Fiction: The Lorentz Contraction

 Read More: A brief Q&A with John Q McDonald

It had been a long year. And when one approached the speed of light, time slowed down. They all knew that. It’s all relative, went the joke, unless you were a relative. Relatively speaking, that is. The funny thing about that time-speed thing was that whenever you moved, no matter how slowly, time slowed down. It just wasn’t noticeable at a speed anyone could reasonably measure. And so, the year slowed down.

That’s what she thought as she drove down the electric freeway, thinking of him aboard a space ship, up there, approaching the speed of light in some grand arcing trajectory she traced across the sky on a little map displayed on her phone. Properly speaking, she wasn’t really driving. The car drove itself, silently gliding along the road at precisely the same speed as all the other cars, weaving among the four lanes in a long synchronous dance of electronics, sensors of motion and proximity. The car left her to look at her phone, to watch the tiny blinking crosshair that represented his spacecraft among the stars. He was accelerating. The faster he moved, the greater the distance in their ages. He grew younger with each passing day. He had been gone a year, but was already months younger than she was. When they got to know each other, they had marveled at the synchronicity in their ages. Born in the same year, he on 1/3 and she on 3/1. She now imagined him receding behind her, even as his ship flew far out ahead of the Earth in space.

Even now, she thought to herself, this time dilation crap is screwing with my mind.

She shook her head and moaned.

“Directive?” said the smooth male voice of the car.

“No,” she said. “Nothing. Sorry.” She shook her head at herself. Apologizing to the car. It was part of the weird scheme of things that as the technology got smarter, people allowed themselves to sink into positions of submission. The gadgets knew better. It was as though everyone had an electronic mother looking after them, and it was always best to stay on Mom’s good side.

“Of course,” said the car. “Maintaining our ride home.”

“Thank you,” she murmured.

“Don’t mention it,” said the car.

How did we end up with such a talkative car, she asked herself. It’s not like it’s keeping me company.

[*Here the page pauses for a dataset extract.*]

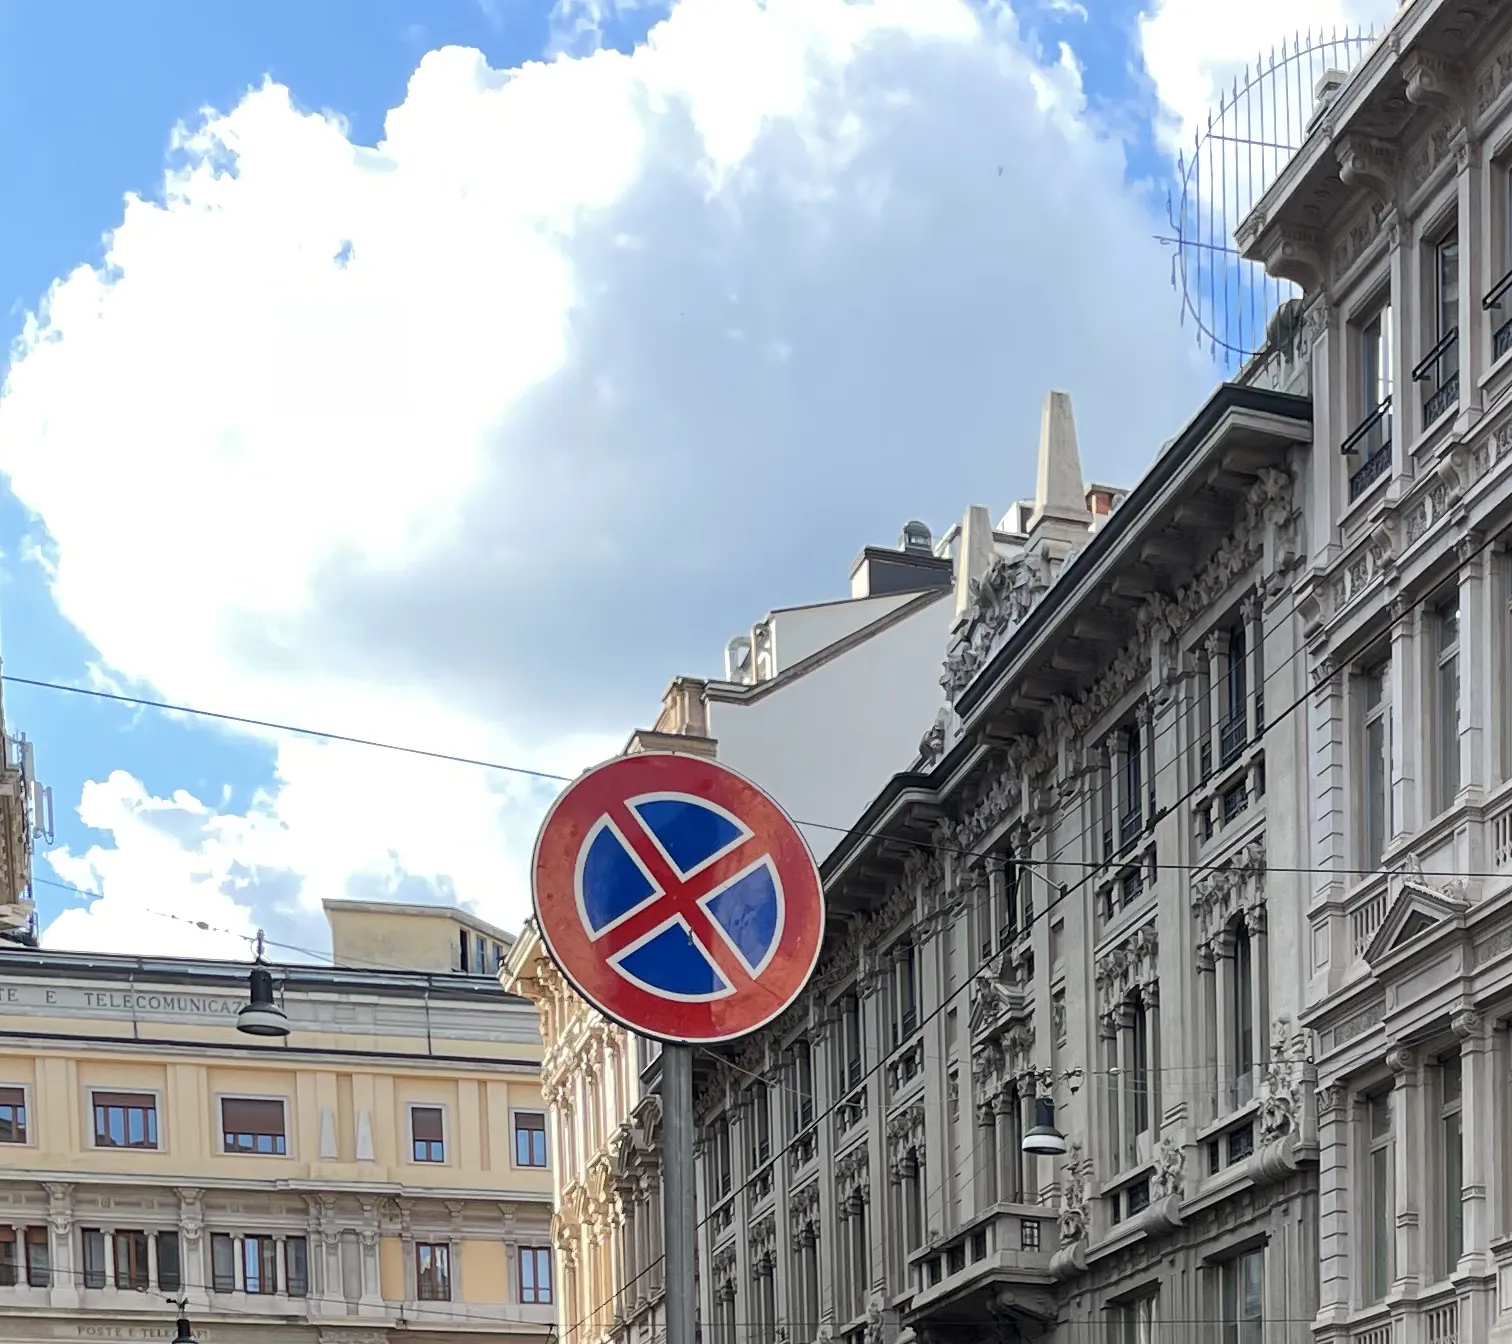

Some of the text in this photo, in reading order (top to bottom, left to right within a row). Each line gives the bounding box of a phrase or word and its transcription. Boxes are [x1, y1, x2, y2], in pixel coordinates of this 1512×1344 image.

[46, 990, 57, 1005] E
[84, 993, 249, 1015] TELECOMUNICAZ
[78, 1326, 121, 1337] POSTE

The last time she spoke to him, she would have sworn he looked younger. He wasn’t going backwards, she knew that. But it seemed that way. Before she was aware of it, she’d be married to a child, who played with toy rockets and wondered what it would be like to be an astronaut.

“Hi,” he had said. “It’s boring up here. I’ve played all the card games I care to play. The other guys are so much better than I am, anyway. I’ve lost a lifetime of matchsticks.”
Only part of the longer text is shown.